Tetrahedron and 3D reflection equation from PBW bases of the nilpotent subalgebra of quantum superalgebras

TL;DR

This paper explores the algebraic structures of quantum superalgebras, deriving new solutions to the Zamolodchikov tetrahedron and 3D reflection equations through PBW bases, and connects these to integrability and crystal bases.

Contribution

It introduces novel solutions to 3D integrability equations using PBW bases of quantum superalgebras, linking algebraic and geometric aspects of quantum groups.

Findings

New solutions to Zamolodchikov tetrahedron and 3D reflection equations.

Characterization of Bazhanov-Sergeev solution as a transition matrix.

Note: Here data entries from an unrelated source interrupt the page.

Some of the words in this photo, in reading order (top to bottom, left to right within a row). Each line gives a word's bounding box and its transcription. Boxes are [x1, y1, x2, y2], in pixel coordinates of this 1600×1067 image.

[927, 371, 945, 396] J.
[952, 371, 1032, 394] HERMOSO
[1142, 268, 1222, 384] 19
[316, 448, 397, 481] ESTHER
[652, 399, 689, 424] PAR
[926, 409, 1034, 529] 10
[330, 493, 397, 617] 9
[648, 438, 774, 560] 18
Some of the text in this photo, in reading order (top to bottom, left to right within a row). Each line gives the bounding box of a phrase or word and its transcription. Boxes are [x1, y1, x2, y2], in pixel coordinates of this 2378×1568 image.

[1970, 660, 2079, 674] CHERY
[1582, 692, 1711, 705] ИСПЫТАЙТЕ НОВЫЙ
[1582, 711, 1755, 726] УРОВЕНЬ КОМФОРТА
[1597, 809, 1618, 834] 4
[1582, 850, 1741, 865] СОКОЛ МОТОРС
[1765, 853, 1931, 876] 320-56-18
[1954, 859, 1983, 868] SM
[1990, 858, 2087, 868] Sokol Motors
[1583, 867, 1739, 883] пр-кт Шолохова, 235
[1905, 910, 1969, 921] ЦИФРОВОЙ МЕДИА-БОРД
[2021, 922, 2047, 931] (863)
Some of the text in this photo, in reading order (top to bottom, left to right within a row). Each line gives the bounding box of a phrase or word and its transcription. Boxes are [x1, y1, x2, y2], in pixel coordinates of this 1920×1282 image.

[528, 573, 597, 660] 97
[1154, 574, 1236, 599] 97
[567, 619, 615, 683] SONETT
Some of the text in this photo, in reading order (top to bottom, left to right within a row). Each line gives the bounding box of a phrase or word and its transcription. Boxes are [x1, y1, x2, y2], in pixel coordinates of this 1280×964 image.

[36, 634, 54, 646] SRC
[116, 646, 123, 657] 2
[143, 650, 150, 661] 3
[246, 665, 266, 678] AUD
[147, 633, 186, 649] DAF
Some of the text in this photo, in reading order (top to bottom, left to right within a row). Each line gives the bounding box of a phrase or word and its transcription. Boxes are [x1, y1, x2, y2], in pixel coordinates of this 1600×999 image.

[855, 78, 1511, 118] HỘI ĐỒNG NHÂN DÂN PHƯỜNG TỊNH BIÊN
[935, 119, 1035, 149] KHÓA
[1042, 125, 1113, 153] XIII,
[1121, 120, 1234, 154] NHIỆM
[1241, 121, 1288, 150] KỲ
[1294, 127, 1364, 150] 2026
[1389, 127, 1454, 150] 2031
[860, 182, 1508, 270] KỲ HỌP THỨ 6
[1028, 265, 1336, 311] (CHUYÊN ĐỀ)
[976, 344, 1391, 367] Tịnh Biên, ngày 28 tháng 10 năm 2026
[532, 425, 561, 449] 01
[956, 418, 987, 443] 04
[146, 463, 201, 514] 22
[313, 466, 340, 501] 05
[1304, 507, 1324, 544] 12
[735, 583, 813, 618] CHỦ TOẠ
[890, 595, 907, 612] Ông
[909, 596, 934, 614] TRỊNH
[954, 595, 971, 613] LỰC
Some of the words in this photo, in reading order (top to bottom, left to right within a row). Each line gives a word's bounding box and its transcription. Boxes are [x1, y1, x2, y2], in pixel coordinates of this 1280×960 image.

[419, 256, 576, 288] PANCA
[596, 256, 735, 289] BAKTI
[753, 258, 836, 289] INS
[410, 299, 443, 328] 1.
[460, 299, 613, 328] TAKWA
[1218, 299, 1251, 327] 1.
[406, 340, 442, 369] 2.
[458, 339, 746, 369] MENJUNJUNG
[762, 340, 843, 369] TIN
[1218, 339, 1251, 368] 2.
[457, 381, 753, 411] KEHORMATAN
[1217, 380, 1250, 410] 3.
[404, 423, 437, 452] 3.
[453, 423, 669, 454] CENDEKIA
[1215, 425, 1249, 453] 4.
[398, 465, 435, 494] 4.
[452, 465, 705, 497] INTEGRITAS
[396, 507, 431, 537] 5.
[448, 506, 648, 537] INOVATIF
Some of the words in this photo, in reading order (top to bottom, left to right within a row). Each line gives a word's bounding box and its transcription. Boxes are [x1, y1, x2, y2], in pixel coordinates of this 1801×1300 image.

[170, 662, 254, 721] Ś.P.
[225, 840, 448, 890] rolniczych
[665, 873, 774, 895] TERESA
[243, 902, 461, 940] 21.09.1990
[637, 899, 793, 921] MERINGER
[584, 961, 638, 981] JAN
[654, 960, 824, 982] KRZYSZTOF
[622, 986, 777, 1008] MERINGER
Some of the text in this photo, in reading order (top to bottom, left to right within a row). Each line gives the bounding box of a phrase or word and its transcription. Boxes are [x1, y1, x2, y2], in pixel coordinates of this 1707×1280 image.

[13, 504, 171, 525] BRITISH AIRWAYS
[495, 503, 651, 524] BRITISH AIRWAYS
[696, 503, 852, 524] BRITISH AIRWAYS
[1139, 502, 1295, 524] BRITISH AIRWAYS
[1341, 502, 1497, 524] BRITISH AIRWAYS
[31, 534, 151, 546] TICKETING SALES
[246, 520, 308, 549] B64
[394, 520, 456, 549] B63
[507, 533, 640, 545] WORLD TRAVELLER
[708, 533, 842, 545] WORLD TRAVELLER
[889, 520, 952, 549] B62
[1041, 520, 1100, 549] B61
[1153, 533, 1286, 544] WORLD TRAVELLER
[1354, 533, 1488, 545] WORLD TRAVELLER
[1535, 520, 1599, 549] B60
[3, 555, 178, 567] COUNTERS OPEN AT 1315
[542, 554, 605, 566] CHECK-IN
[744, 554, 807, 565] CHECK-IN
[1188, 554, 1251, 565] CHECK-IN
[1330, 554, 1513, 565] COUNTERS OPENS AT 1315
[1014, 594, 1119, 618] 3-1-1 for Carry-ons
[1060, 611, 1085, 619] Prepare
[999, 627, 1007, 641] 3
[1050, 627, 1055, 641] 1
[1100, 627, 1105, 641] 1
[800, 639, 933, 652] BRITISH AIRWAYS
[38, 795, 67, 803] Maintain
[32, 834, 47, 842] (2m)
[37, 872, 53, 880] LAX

Discussion of crystal limit leading to super analogs of Lusztig's parametrizations.

Abstract

In this paper, we study transition matrices of PBW bases of the nilpotent subalgebra of quantum superalgebras associated with all possible Dynkin diagrams of type A and B in the case of rank 2 and 3, and examine relationships with three-dimensional (3D) integrability. We obtain new solutions to the Zamolodchikov tetrahedron equation via type A and the 3D reflection equation via type B, where the latter equation was proposed by Isaev and Kulish as a 3D analog of the reflection equation of Cherednik. As a by-product of our approach, the Bazhanov-Sergeev solution to the Zamolodchikov tetrahedron equation is characterized as the transition matrix for a particular case of type A, which clarifies an algebraic origin of it. Our work is inspired by the recent developments connecting transition matrices for quantum non-super algebras with intertwiners of irreducible representations of quantum coordinate rings. We also discuss the crystal limit of transition matrices, which gives a super analog of transition maps of Lusztig's parametrizations of the canonical basis.